** EXERCISE **
For every line below, restate it exactly and drop the images.

** Saved data entries **
■ ■ ■ ■ ■

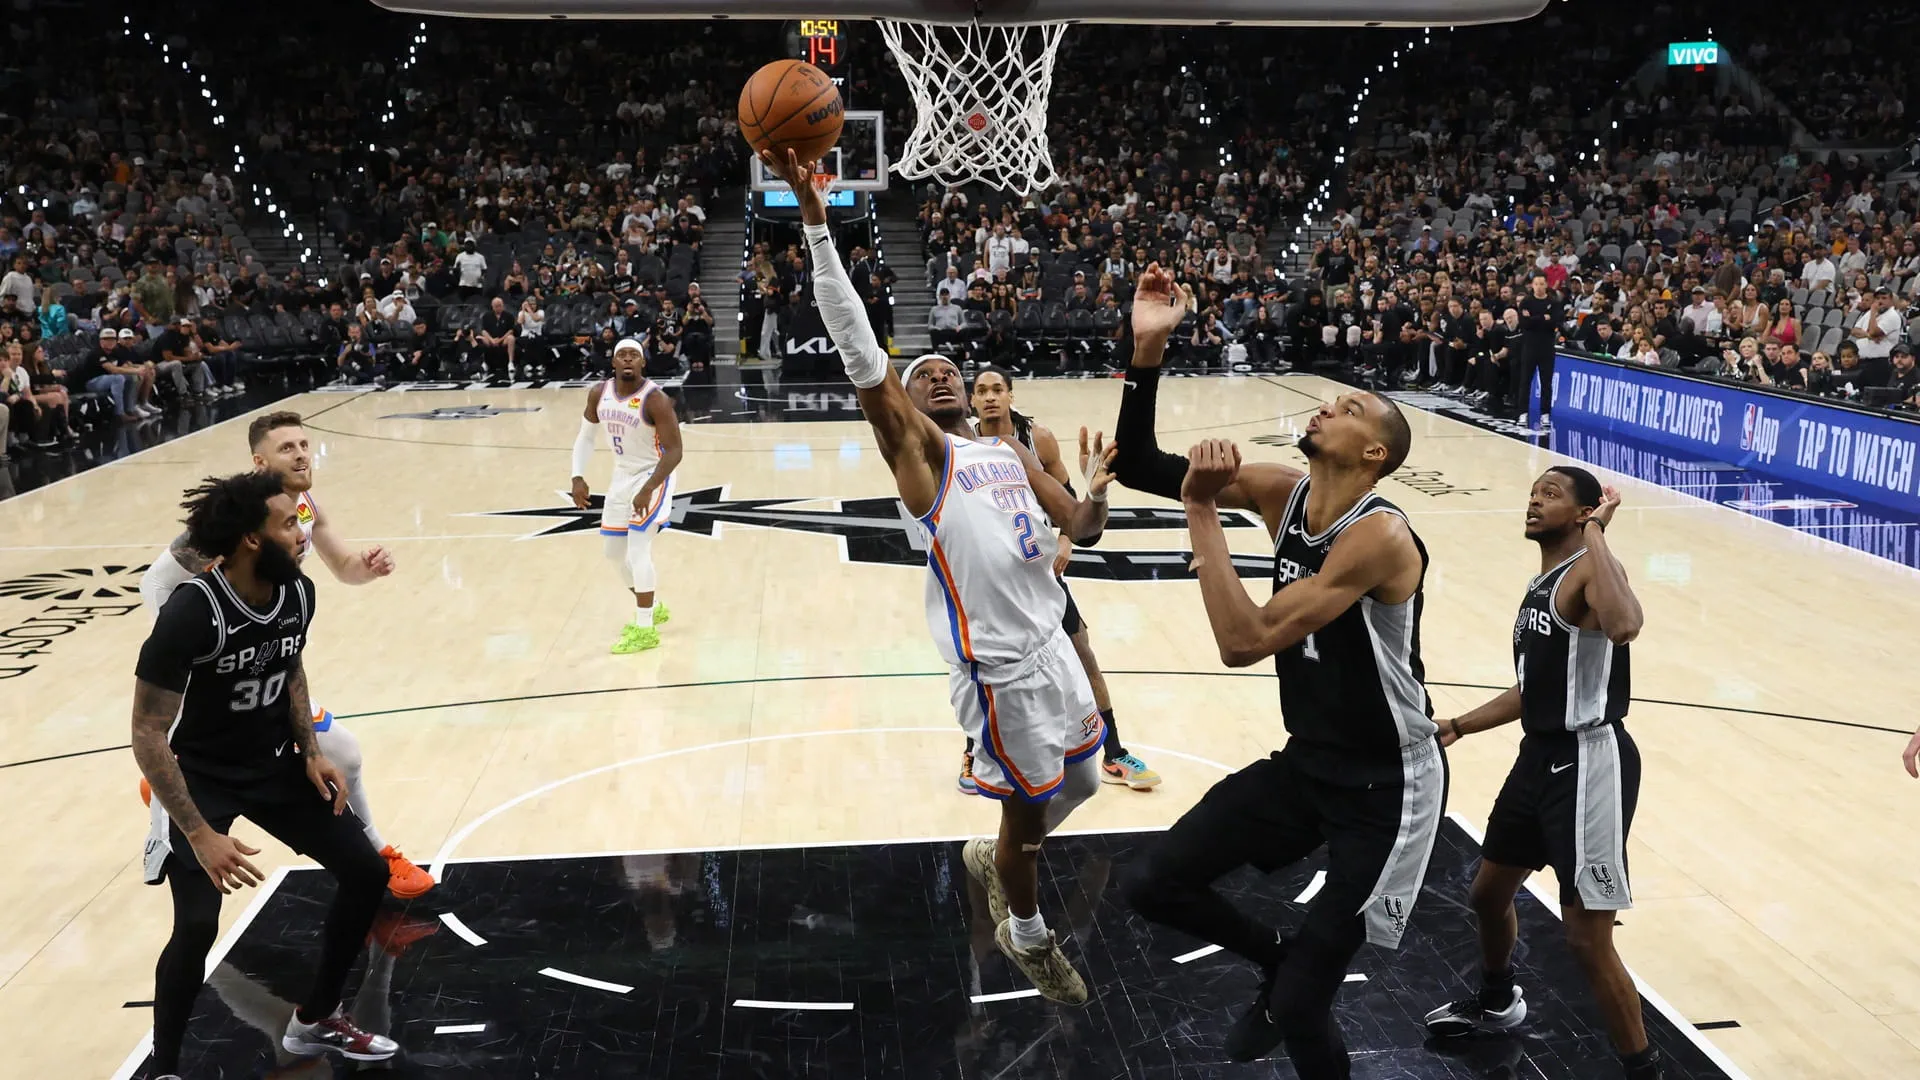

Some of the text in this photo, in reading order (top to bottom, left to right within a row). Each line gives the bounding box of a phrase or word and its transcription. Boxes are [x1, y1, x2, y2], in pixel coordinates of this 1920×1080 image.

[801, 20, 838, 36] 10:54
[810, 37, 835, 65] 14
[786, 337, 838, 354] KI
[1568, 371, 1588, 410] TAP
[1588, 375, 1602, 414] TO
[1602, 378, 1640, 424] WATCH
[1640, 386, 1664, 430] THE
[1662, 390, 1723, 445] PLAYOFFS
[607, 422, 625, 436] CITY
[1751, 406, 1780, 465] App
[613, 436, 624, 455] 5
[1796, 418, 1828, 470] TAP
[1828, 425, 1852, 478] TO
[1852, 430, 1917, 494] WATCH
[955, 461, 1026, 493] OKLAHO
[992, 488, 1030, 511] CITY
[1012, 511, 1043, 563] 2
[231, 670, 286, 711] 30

■ ■ ■ ■ ■

** RESPONSE FOR THIS EXERCISE **
Some of the text in this photo, in reading order (top to bottom, left to right within a row). Each line gives the bounding box of a phrase or word and its transcription. Boxes are [x1, y1, x2, y2], in pixel coordinates of this 1920×1080 image.

[801, 20, 838, 36] 10:54
[810, 37, 835, 65] 14
[786, 337, 838, 354] KI
[1568, 371, 1588, 410] TAP
[1588, 375, 1602, 414] TO
[1602, 378, 1640, 424] WATCH
[1640, 386, 1664, 430] THE
[1662, 390, 1723, 445] PLAYOFFS
[607, 422, 625, 436] CITY
[1751, 406, 1780, 465] App
[613, 436, 624, 455] 5
[1796, 418, 1828, 470] TAP
[1828, 425, 1852, 478] TO
[1852, 430, 1917, 494] WATCH
[955, 461, 1026, 493] OKLAHO
[992, 488, 1030, 511] CITY
[1012, 511, 1043, 563] 2
[231, 670, 286, 711] 30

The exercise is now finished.